A roller coaster ride may be the closest a civilian can get to the feeling of whipping off the deck of an aircraft carrier in an F-22 Raptor, but it’s still not quite as fun.The two are about to have something in common, though.
General Electric’s engineers have developed an electromagnetic catapult — based on technology developed for the Superman roller coaster at Six Flags Magic Mountain in California — to replace the energy-guzzling “steam catapults” that are currently used to propel fighter jets off the deck of an aircraft carrier.
The new electromagnetic catapult could replace steam catapults still used by even the latest American aircraft carriers. Steam-powered launch has a number of drawbacks. “It’s basically a tube with a piston inside,” says Mark Dannatt Mark Dannatt, director of naval business at GE Power Conversion. “You get a tremendous jolt at the start of the launch when you open the valve and let the steam out at full pressure. This does not do the aircraft or the pilot any good.”
But the electromagnetic catapult, the technical name for the technology is medium-voltage advanced linear induction machine, starts slow like a theme park ride and attains maximum speed at launch. “This is what you want,” Dannatt says. “The wear on the airframe is less.”
Steam catapults have been around for 80-plus years now. They are horrible for an aircraft’s airframe due to the “jolting” nature of the speed. The way the steam is released, the aircraft is simply punched forward.

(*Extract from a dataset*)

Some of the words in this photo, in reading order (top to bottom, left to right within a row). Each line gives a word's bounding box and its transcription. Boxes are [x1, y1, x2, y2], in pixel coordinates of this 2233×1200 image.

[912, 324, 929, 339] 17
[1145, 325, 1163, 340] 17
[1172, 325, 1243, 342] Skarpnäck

Anyone who’s seen Top Gun knows what that looks like.
Photo: via GE
Steam also isn’t as easily contained, produced, and directed as electricity. And the use of steam requires all sorts of extra bits of machinery.With linear electric engines, on the other hand, there’s no punch. There’s a steady build. And the change will be almost imperceptible to the pilots; except for the lack of a sudden jerk forward, they’ll still go whipping off the deck.

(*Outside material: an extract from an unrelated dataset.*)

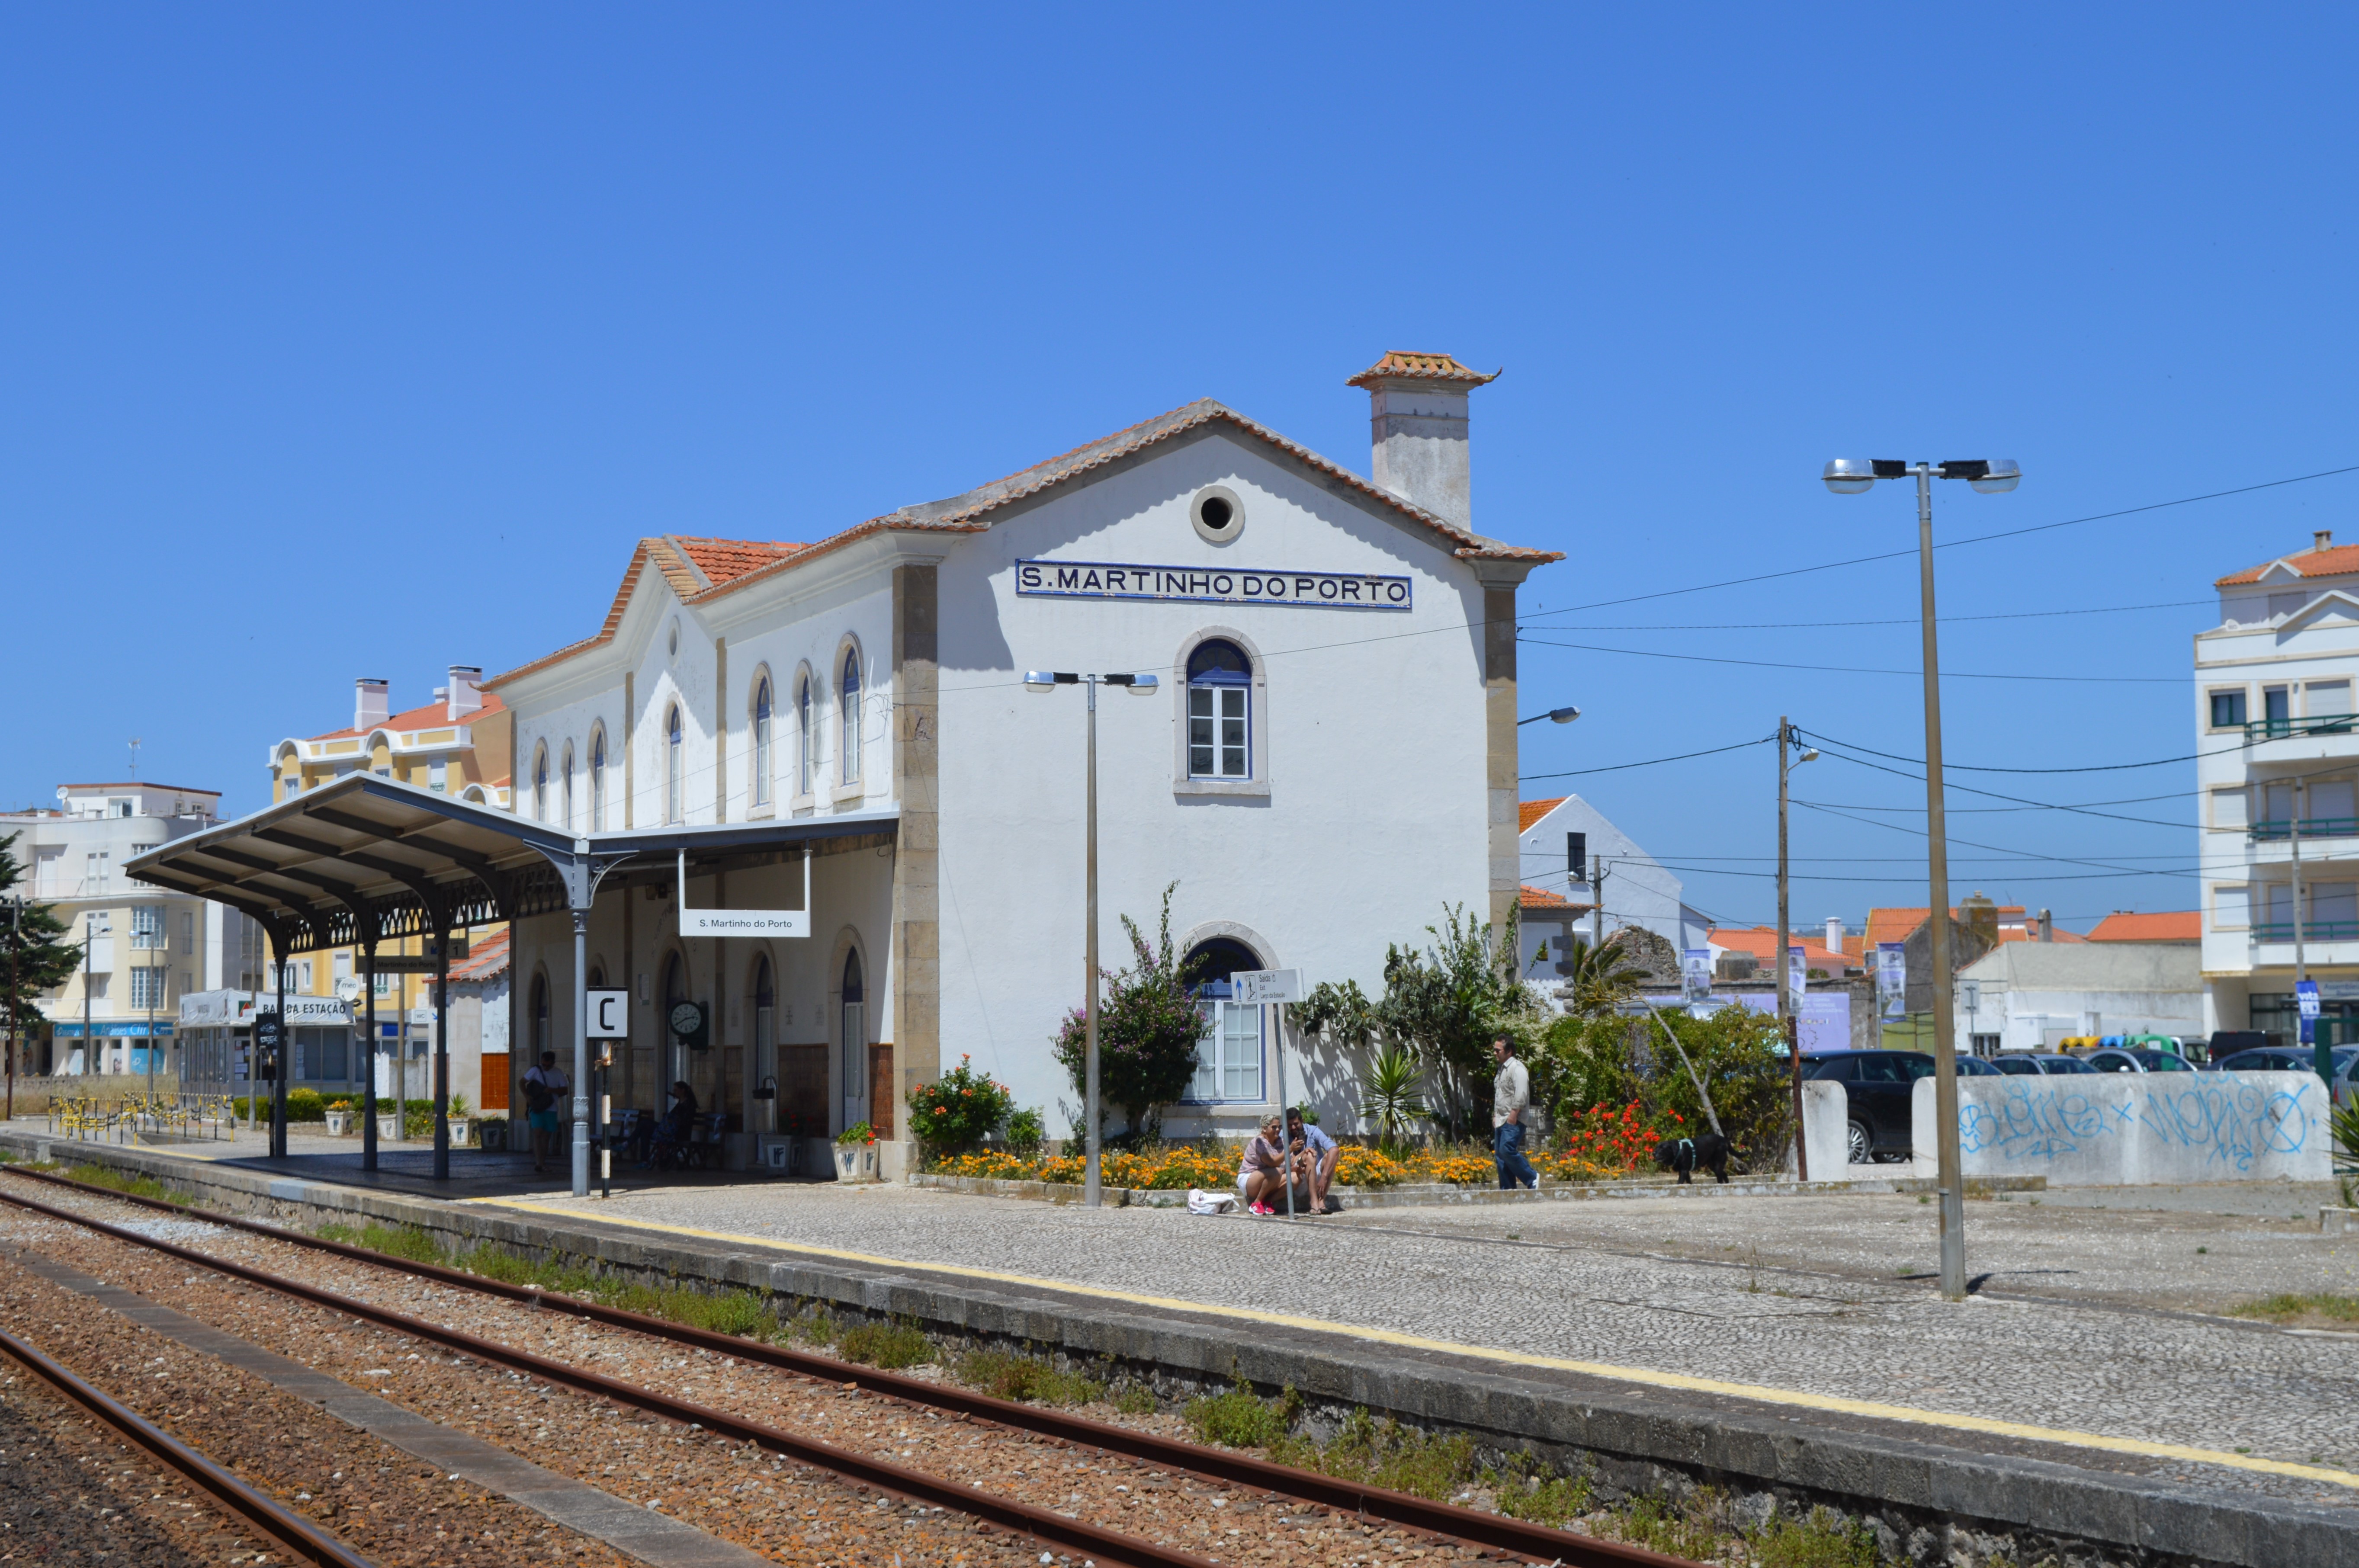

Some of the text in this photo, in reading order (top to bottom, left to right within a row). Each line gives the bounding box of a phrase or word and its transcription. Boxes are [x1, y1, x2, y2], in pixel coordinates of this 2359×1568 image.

The fact that electricity for the catapults can be generated by a ship’s nuclear reactors, combined with the lack of airframe maintenance on frequently used birds, was enough to convince the Pentagon to throw these on the next generation carriers.
Believe it or not, the technology has been around for decades, but applications actually hit theme parks before the Pentagon. The 1997 opening of the Six Flags Superman: Escape From Krypton ride saw use of GE’s “electric linear motor system.”
The company notes that the system was good enough to launch 15 people up a 415-foot tall tower at a 100 mph … so why not use it to propel a fighter jet off the deck of a ship?